Despite talk of American decline, the United States remains the world’s largest national economy, at over $14 trillion per year, with a very high per capita income: $41,000. Right next to us is the oft-ignored European Union. The combined economy of their 27 member countries is actually $2 trillion per year larger than ours. And while newer members from Eastern Europe are on average poorer, they will continue to grow. Overall, the Western alliance still leads.
China’s extraordinary transformation, with its advanced infrastructure and rising living standards, is well known. But since 1980, emerging democracies such as Brazil, Mexico, South Korea and Turkey have made their own great leaps forward. China’s average income per capita – at just over $6,000 – is still only about half that of Mexico and Turkey and one-seventh that of the United States. In the past decade India, too, has made dramatic reforms and is quickly making up ground.
Meanwhile, non-democracies with heavily constrained market economies, such as Egypt, continue to falter with low economic output, high inflation and high population growth. In all likelihood, emerging and established democratic powers will shape global economics and politics well into the next century. Unless the Arab world makes similar reforms, it will be left further behind.
Some of this is simply a matter of demographics. Since 1980, the U.S. population has grown about 36 percent, adding more than 80 million people through immigration and a relatively high birthrate. That’s about four times as fast as the E.U. and Japanese rates over that time; the U.S. growth rate has been 50 percent faster than China’s over the past decade.
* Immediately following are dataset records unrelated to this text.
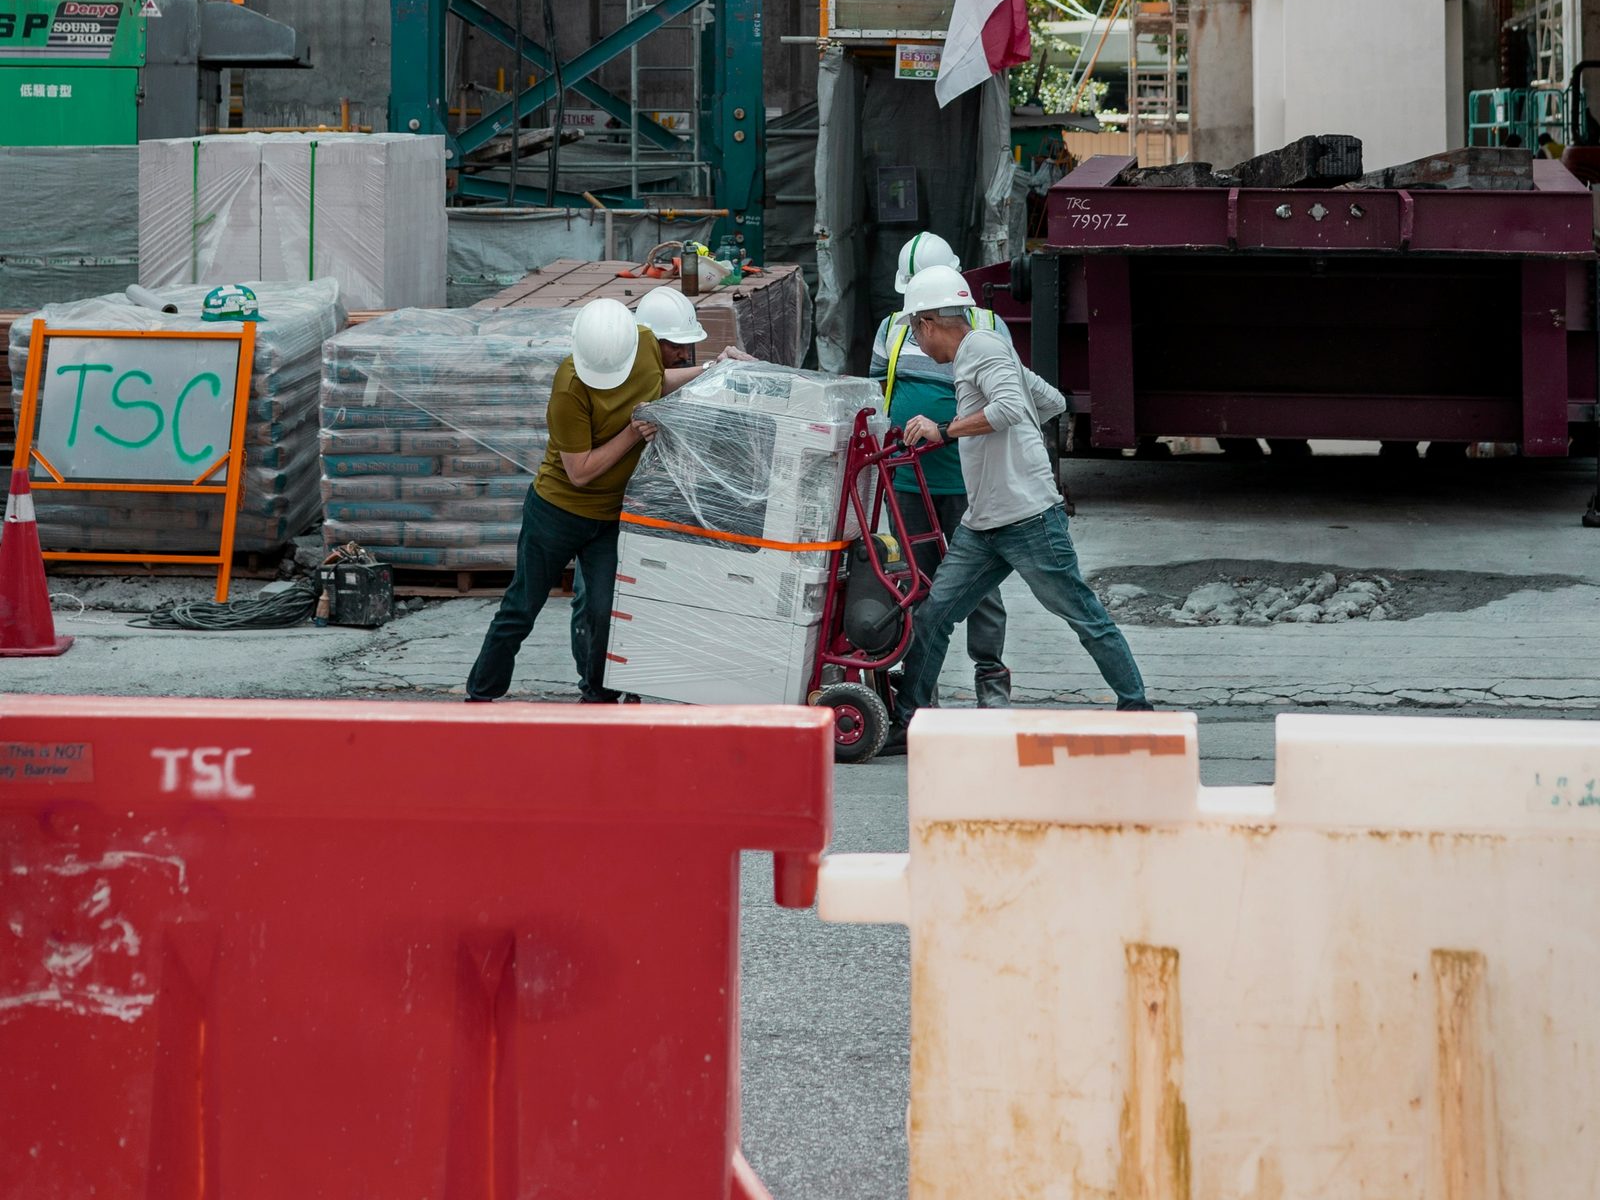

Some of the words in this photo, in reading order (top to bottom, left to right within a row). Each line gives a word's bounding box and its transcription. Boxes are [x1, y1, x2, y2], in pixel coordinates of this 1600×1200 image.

[64, 2, 119, 18] Denyo
[53, 22, 101, 33] SOUND
[66, 33, 114, 44] PROOF
[914, 52, 937, 62] STOP
[915, 70, 934, 78] GO
[1066, 197, 1091, 210] TRC
[57, 363, 221, 464] TSC
[55, 744, 84, 759] NOT
[24, 764, 70, 776] Barrier
[150, 747, 255, 799] TSC
Indeed, China’s population growth rate of 0.7 percent will eventually become a significant constraint on its economic growth.
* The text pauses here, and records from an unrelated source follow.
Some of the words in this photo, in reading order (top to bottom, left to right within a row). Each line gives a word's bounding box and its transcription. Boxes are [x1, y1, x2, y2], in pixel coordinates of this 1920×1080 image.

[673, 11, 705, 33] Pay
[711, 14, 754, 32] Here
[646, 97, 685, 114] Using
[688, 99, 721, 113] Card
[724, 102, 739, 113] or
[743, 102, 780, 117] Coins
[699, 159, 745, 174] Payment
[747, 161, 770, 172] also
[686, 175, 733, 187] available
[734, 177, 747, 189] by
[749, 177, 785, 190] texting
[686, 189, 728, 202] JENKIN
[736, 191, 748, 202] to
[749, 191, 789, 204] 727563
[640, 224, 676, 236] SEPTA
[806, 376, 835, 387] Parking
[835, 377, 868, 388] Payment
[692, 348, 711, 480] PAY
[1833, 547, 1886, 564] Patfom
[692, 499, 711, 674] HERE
The populations of emerging democracies such as India and Mexico have grown much faster. Provided they can overcome structural and governance challenges, their fast-growing economies will occupy an ever greater share of global gross domestic product. The biggest population problems come from countries such as Egypt, whose nearly 2 percent growth rate is too fast for its sputtering economy to provide for the employment needs of an increasingly young workforce.
What is critical for all these countries – and especially for the United States – is to find greater balance in exports and imports. Trade liberalization has, by and large, been good for all countries, helping to lift billions out of poverty. Still, growing trade imbalances encourage financial instability and undermine sustainable job creation. And democracies have a hard time achieving domestic consensus on how to move forward.
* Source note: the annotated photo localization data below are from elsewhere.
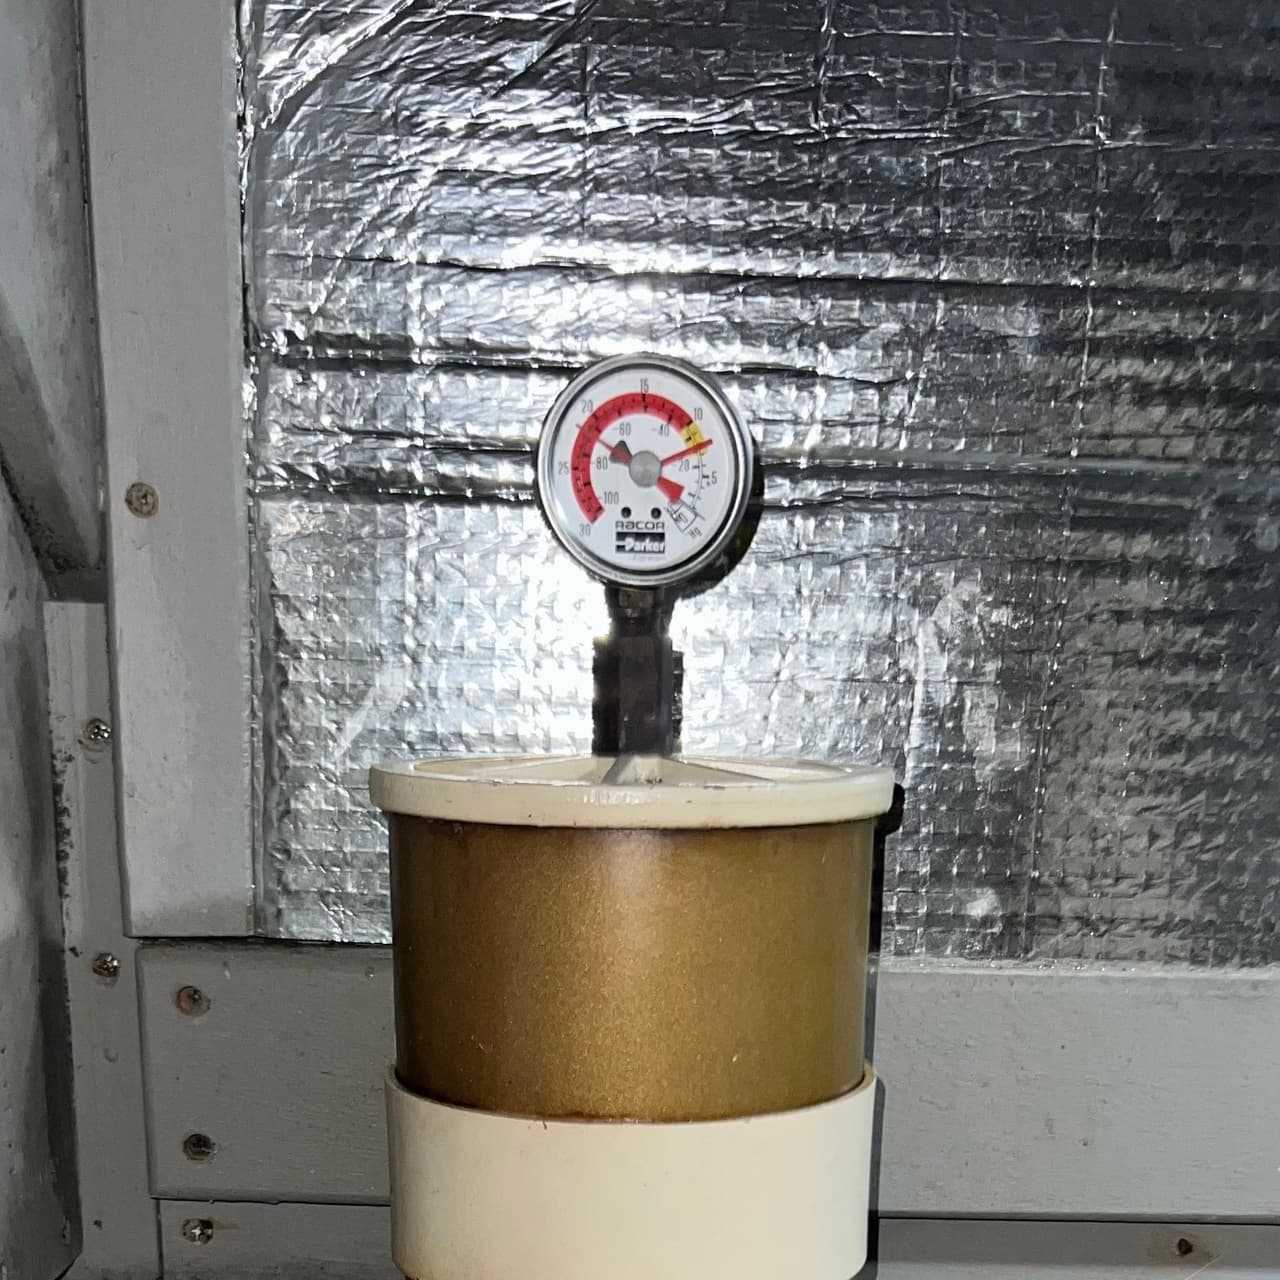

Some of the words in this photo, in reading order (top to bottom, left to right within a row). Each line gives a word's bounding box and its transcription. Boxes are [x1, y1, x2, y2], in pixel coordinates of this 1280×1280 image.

[640, 378, 649, 393] 15
[582, 399, 593, 413] 20
[694, 407, 703, 420] 10
[558, 461, 569, 475] 25
[579, 523, 591, 536] 30
[625, 536, 665, 551] Parker
And all of this growth has had an impact on the environment. Total greenhouse gas emissions have grown more than 50 percent, from about 19 billion tons of CO2 in 1980 to more than 30 billion tons today. Most of these emissions have come from industrial economies, with the United States making the largest contribution. But whereas emissions are leveling off in the industrial world, they continue to rise dramatically in nearly all emerging powers.
How does economic growth translate into military power? The United States still has the world’s largest military by far. China has replaced Russia as the second-largest military by spending, having grown fivefold, though its defense spending is still a small fraction of the United States’. Importantly, all countries seem to be doing more with fewer troops. In fact, modernization has meant that, as a percentage of GDP, U.S. defense spending has increased only slightly, while China’s spending has actually dipped. With the growing U.S. deficit and record debt level, compared with China’s dramatic surpluses, it will be harder to sustain current levels of U.S. defense spending and easier for China to increase its military capabilities.
What does this all add up to? The United States remains the world’s leading nation – economically, politically and militarily. New partners and competitors are rising fast but in complicated ways. Most of these nations are market democracies, with civilian control of the military. The real question is not whether they will catch up – many will – but whether the United States can continue to grow in a way that lifts all boats, and whether it can help shape an emerging global order that avoids conflict and encourages greater freedom.
By William Antholins and Martin Indyk, respectively, managing director and director of the foreign policy program at the Brookings Institution.